THE CONJURING:  LAST RITES--In what's purportedly the final chapter of the horror series launched in 2013, retired paranormal investigators Ed and Lorraine Warren (Patrick Wilson and Vera Farmiga reprising their signature roles) are pulled back into the fray to investigate the haunting of Pennsylvania's Smurl family.

Director Michael ("The Conjuring:  The Devil Made Me Do It," "The Nun 2") Chaves attempts a more grounded approach this time, but fails to elevate the material beyond mere window-dressing for gore. A committee-written screenplay meanders for 135 interminable minutes offering predictability instead of depth or surprises. 

Deprived of any meaningful character arcs, Farmiga and Wilson are merely deployed as haunted house tropes minus any true emotional stakes. The tech credits are polished, but slick visuals and jump scares are unable to compensate for a hollow narrative. While it may satisfy fans craving superficial shocks and/or franchise closure, this underwhelming farewell to the Warrens ultimately rings hollow and fails to live up to its legacy. (C MINUS.) 


DEMON SLAYER: KIMETSU NO TAIBA--INFINITY CASTLE--The long-awaited final chapter of the anime franchise arrives with the weight of enormous expectations. As the climactic installment, it carries the responsibility of resolving arcs that have built steadily over previous seasons and films.

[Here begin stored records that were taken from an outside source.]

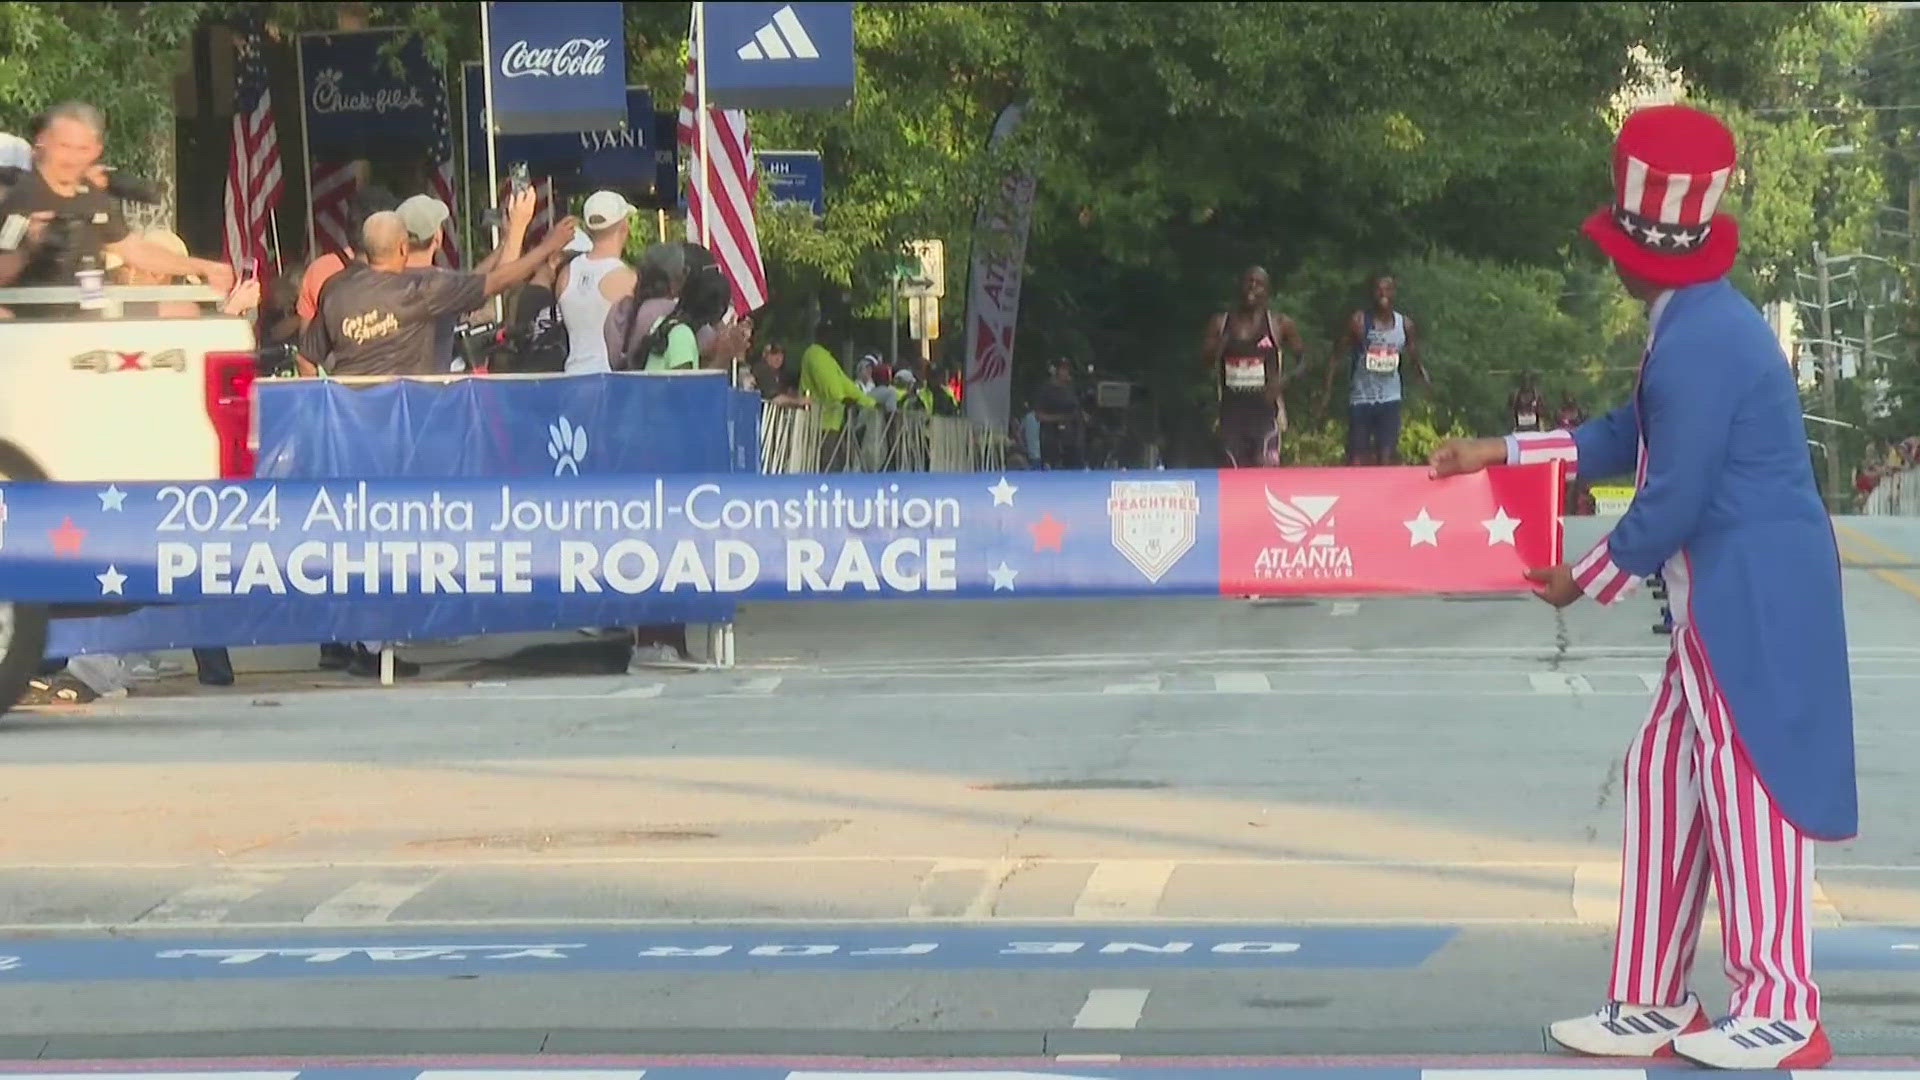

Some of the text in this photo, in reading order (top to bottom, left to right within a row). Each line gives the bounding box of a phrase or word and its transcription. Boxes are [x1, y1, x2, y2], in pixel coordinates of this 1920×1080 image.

[502, 38, 611, 78] Coca-Cola
[155, 478, 960, 532] 2024 Atlanta Journal-Constitution
[1110, 497, 1197, 511] PEACHTREE
[156, 538, 957, 595] PEACHTREE ROAD RACE
[1254, 546, 1353, 569] ATLANTA
[1254, 567, 1353, 579] TRACK CLUB
[999, 941, 1301, 955] ONE
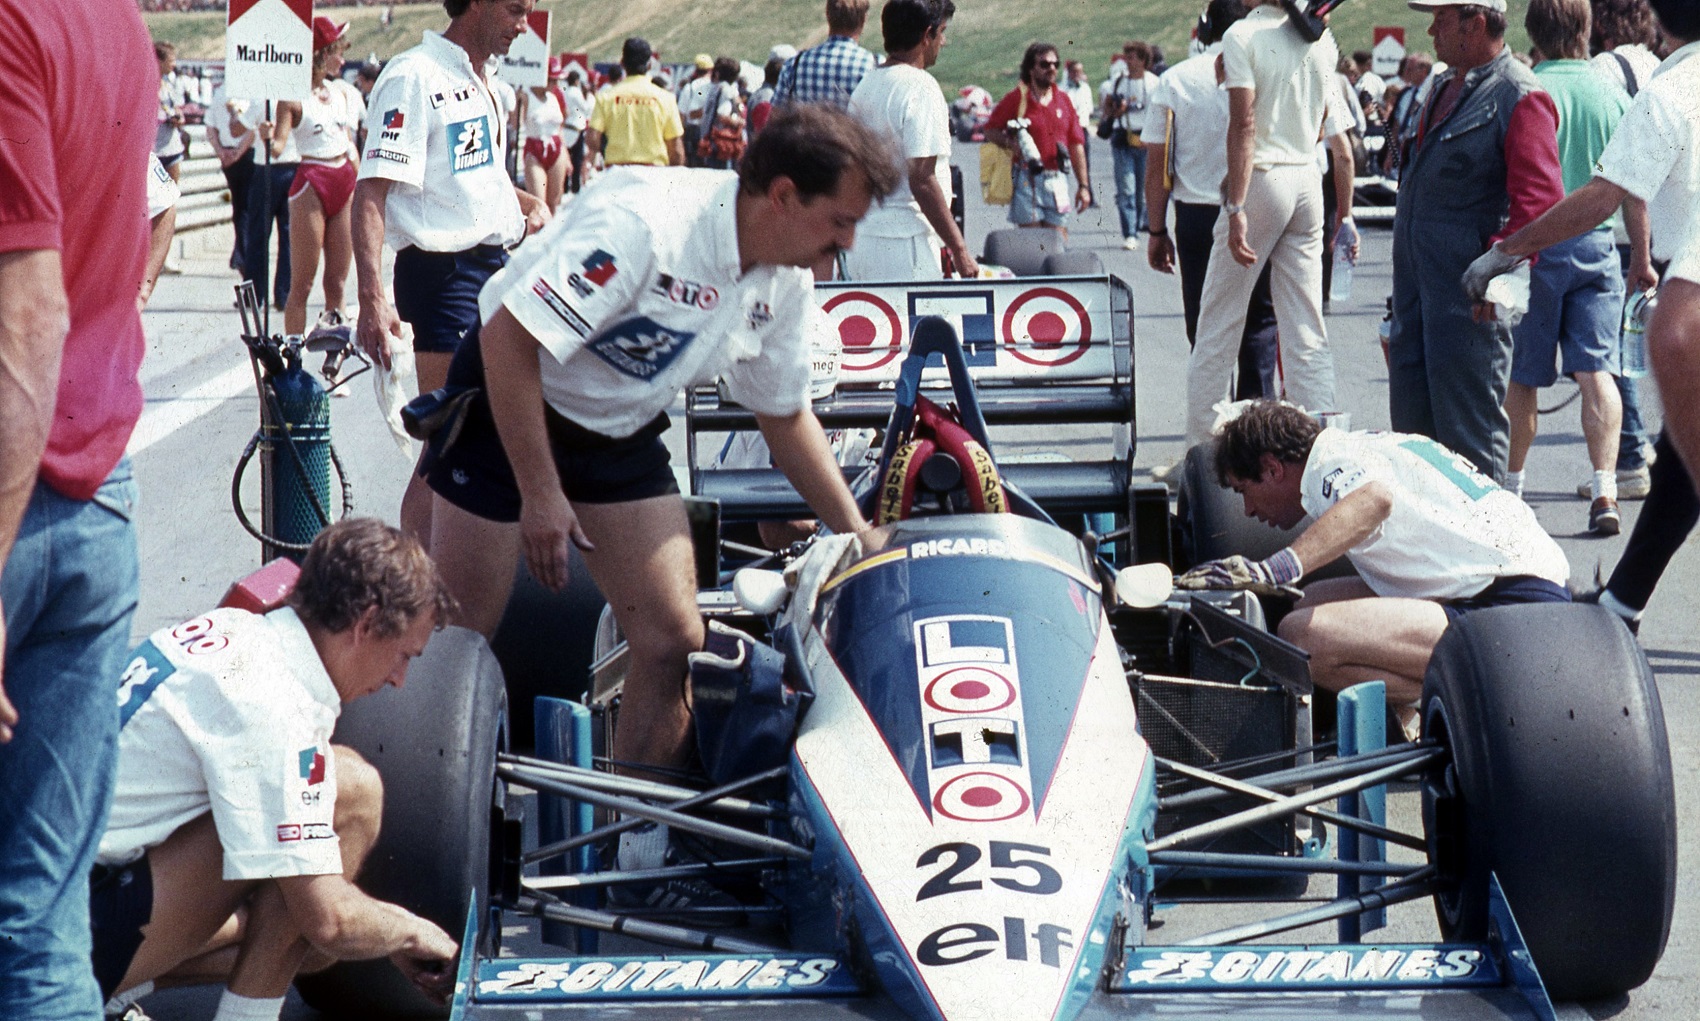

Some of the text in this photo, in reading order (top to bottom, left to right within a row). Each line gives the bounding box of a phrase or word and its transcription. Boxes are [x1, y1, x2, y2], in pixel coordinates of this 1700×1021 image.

The result is a visually dazzling movie that struggles under the weight of its own ambition. The story plunges Tanjiro Kamado and his allies into the sprawling, shifting labyrinth of the Infinity Castle to face Muzan Kibutsuji in the final battle between Demon Slayers and demons. Nezuko, Inosuke and Zenitsu are all given major moments as are the surviving Hashira, each confronting both external foes and internal conflicts. Director Haruo Sotozaki keeps the pace relentless, ensuring few dull stretches despite a near three-hour runtime. The animation once again sets a high bar for spectacle with gravity-defying swordplay, fluid transformations and kaleidoscopic lighting effects that feel tailor-made for the big screen. Yet weaknesses emerge in the structure. With so many characters demanding screen time, arcs that should land with devastating impact sometimes feel rushed. The emotional resonance of Tanjiro’s journey is diluted by frenetic pacing and an overreliance on spectacle. Some narrative threads resolve neatly, but others feel underdeveloped making it less cohesive than earlier entries. While delivering enough spectacle and catharsis to satisfy fans, as a piece of storytelling it feels uneven, caught between serving as a finale and as a nonstop showcase of animation bravura. (C PLUS.)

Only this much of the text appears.